● TASK REQUIREMENTS
The output has to be the full set of records, reproduced exactly, minus any picture.

● EXCERPTED RECORDS
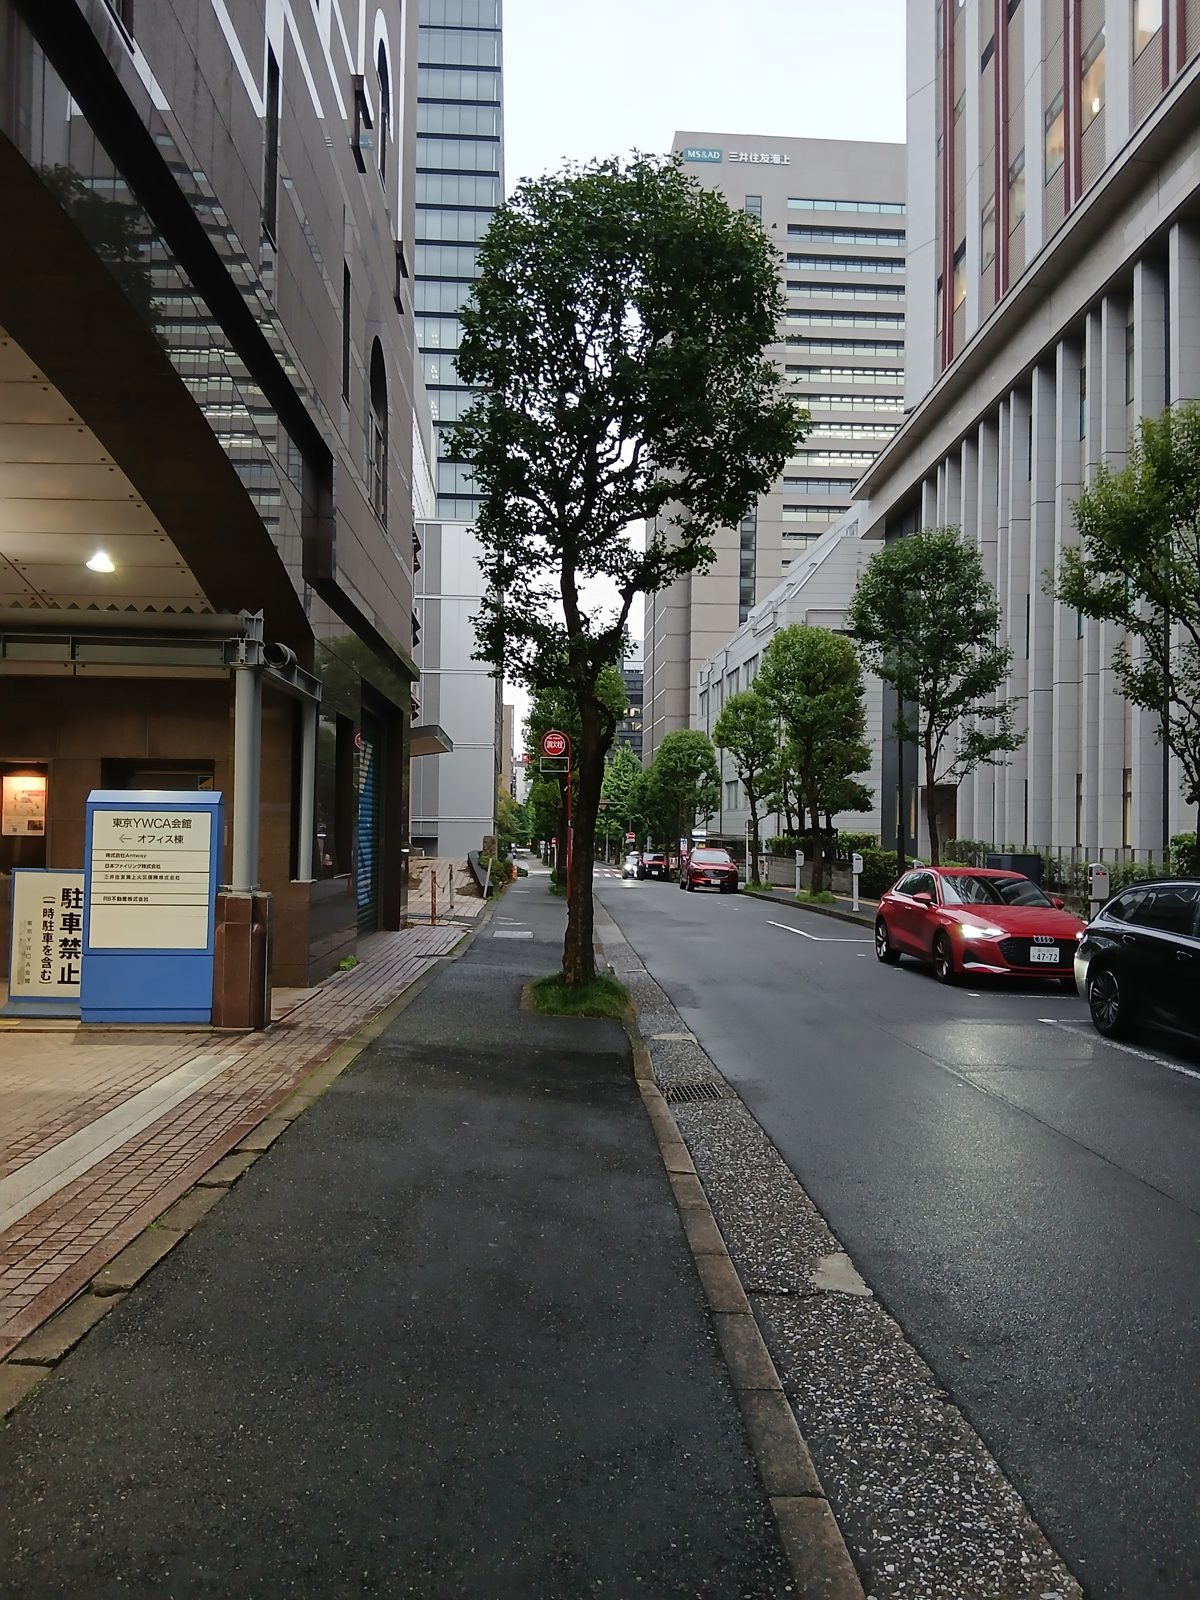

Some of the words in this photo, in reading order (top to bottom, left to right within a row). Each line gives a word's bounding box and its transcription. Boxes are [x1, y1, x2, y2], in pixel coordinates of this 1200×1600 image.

[687, 150, 720, 159] MS&AD
[729, 151, 791, 165] 三井住友海上
[112, 818, 192, 829] 東京YWCA会館
[137, 834, 184, 844] オフィス棟
[57, 887, 84, 985] 駐車禁止
[1036, 953, 1058, 962] 47-72
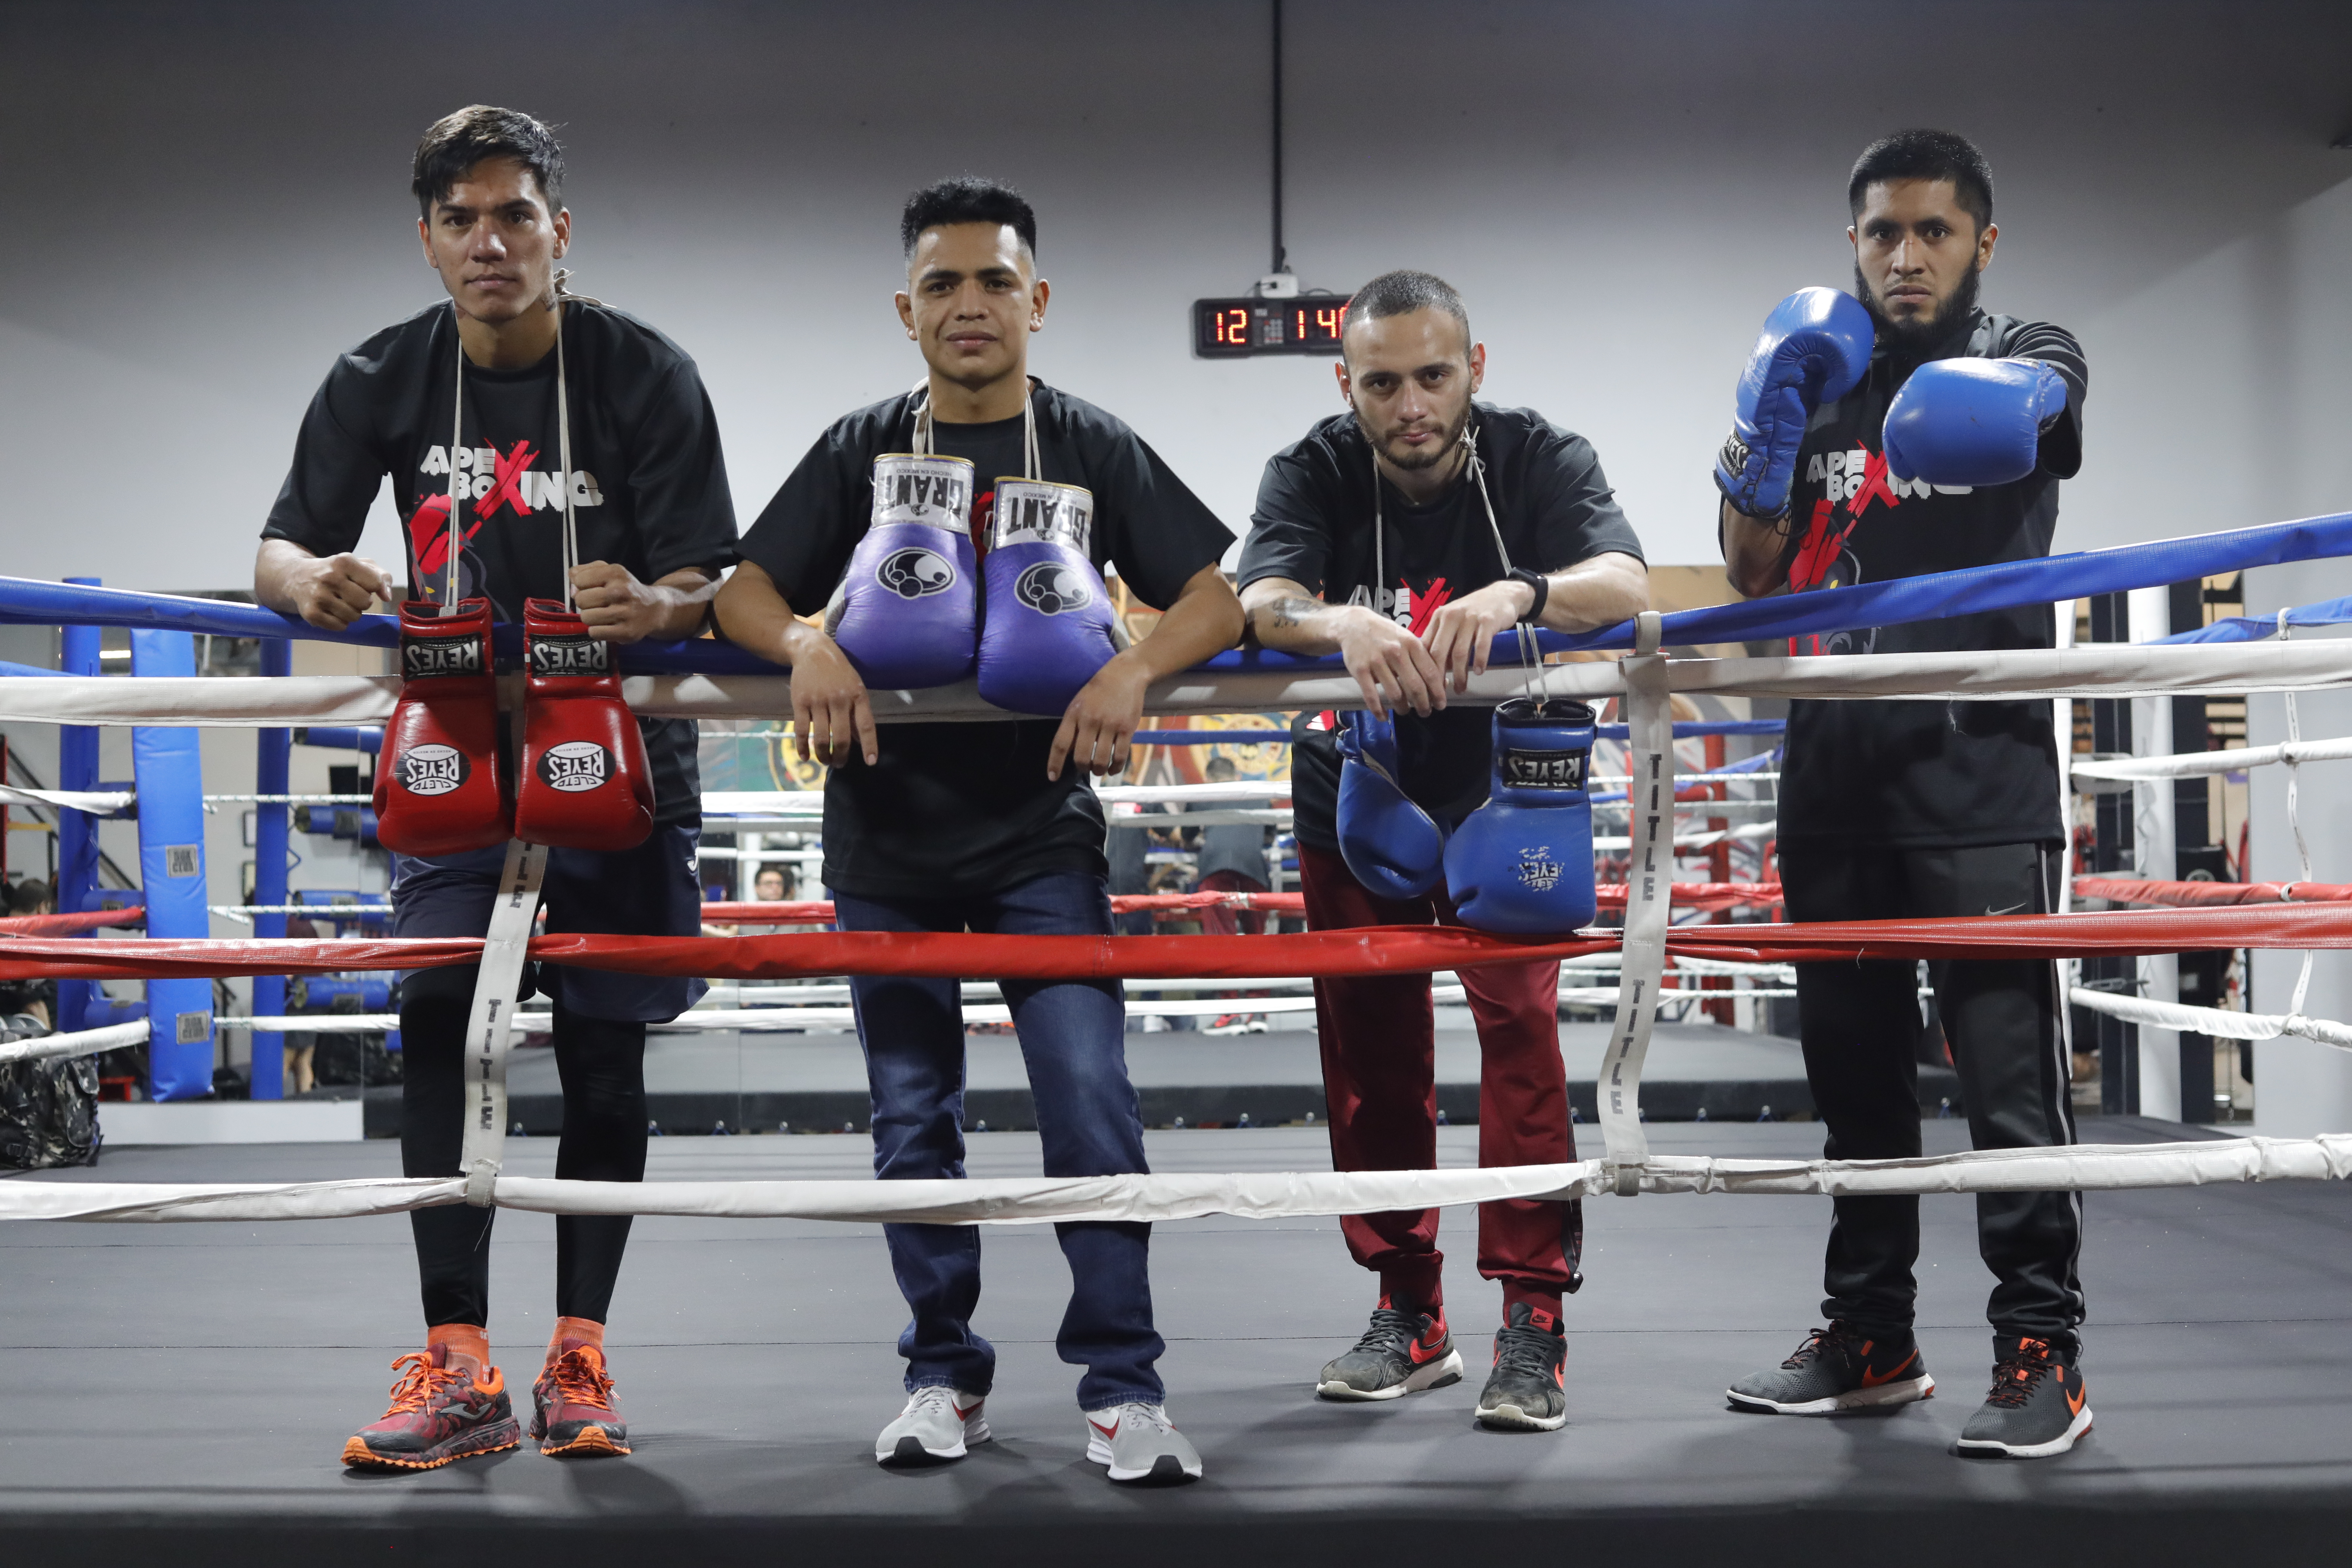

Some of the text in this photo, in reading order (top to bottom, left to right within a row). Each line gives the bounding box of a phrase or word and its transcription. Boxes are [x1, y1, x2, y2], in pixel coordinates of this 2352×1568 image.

[1216, 309, 1247, 343] 12
[880, 475, 964, 521] GRANT
[406, 640, 479, 672] REYES
[533, 640, 608, 671] REYES
[406, 752, 459, 783] REYES
[548, 749, 605, 780] REYES
[1508, 755, 1580, 781] REYES
[413, 780, 452, 790] CLETO
[557, 776, 597, 787] CLETO
[1642, 753, 1662, 901] TITLE
[1610, 979, 1646, 1115] TITLE
[480, 998, 502, 1130] TITLE
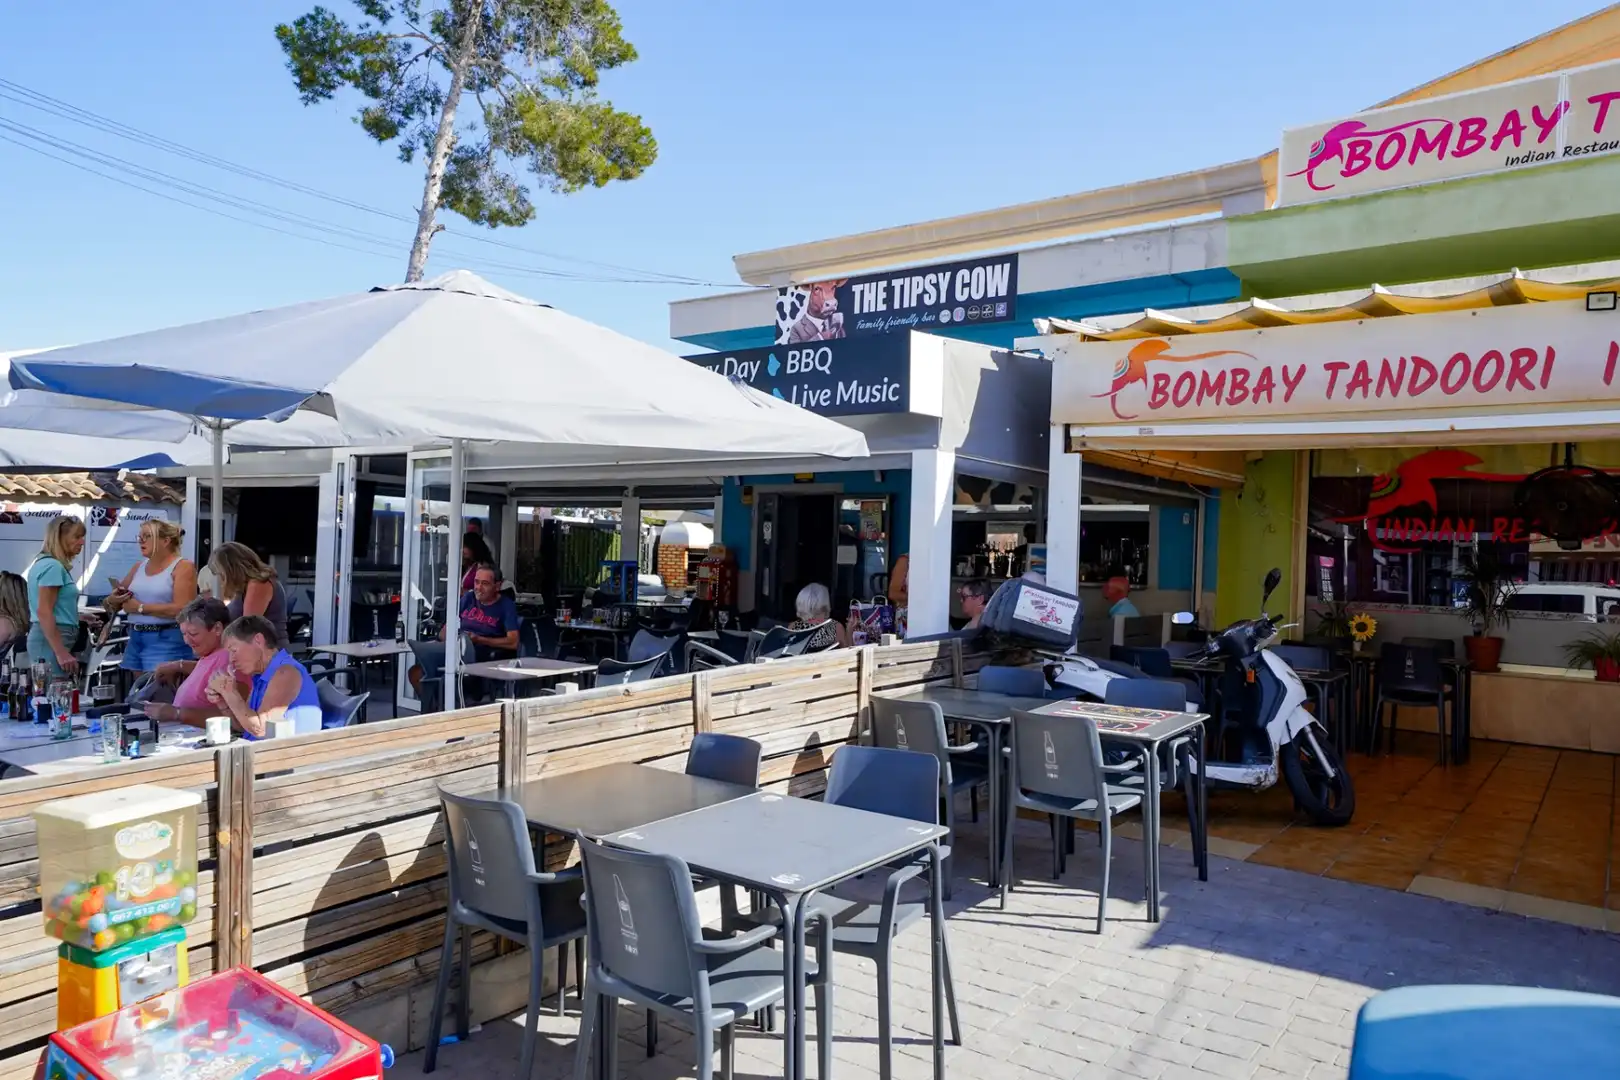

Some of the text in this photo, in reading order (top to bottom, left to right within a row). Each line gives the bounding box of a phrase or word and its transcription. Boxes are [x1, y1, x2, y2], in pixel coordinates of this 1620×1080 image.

[1340, 101, 1570, 178] BOMBAY
[1505, 151, 1556, 167] Indian
[851, 262, 1011, 315] THE TIPSY COW
[856, 317, 885, 331] Family
[884, 312, 920, 332] friendly
[921, 311, 936, 322] bar
[723, 356, 761, 383] Day
[786, 346, 833, 375] BBQ
[791, 376, 900, 407] Live Music
[1147, 363, 1307, 410] BOMBAY
[1323, 345, 1556, 400] TANDOORI
[1384, 516, 1477, 544] INDIAN

● REPLY
Some of the words in this photo, in reading order (top to bottom, left to right within a row). Each line gives a word's bounding box and its transcription. Boxes are [x1, y1, x2, y2], in pixel coordinates of this 1200×1600 image.

[687, 150, 720, 159] MS&AD
[729, 151, 791, 165] 三井住友海上
[112, 818, 192, 829] 東京YWCA会館
[137, 834, 184, 844] オフィス棟
[57, 887, 84, 985] 駐車禁止
[1036, 953, 1058, 962] 47-72

Some of the text in this photo, in reading order (top to bottom, left to right within a row). Each line gives the bounding box of a phrase or word and its transcription. Boxes are [x1, y1, x2, y2], in pixel coordinates of this 2352×1568 image.

[1216, 309, 1247, 343] 12
[880, 475, 964, 521] GRANT
[406, 640, 479, 672] REYES
[533, 640, 608, 671] REYES
[406, 752, 459, 783] REYES
[548, 749, 605, 780] REYES
[1508, 755, 1580, 781] REYES
[413, 780, 452, 790] CLETO
[557, 776, 597, 787] CLETO
[1642, 753, 1662, 901] TITLE
[1610, 979, 1646, 1115] TITLE
[480, 998, 502, 1130] TITLE

Some of the text in this photo, in reading order (top to bottom, left to right within a row). Each line gives the bounding box of a phrase or word and its transcription. Boxes are [x1, y1, x2, y2], in pixel coordinates of this 1620×1080 image.

[1340, 101, 1570, 178] BOMBAY
[1505, 151, 1556, 167] Indian
[851, 262, 1011, 315] THE TIPSY COW
[856, 317, 885, 331] Family
[884, 312, 920, 332] friendly
[921, 311, 936, 322] bar
[723, 356, 761, 383] Day
[786, 346, 833, 375] BBQ
[791, 376, 900, 407] Live Music
[1147, 363, 1307, 410] BOMBAY
[1323, 345, 1556, 400] TANDOORI
[1384, 516, 1477, 544] INDIAN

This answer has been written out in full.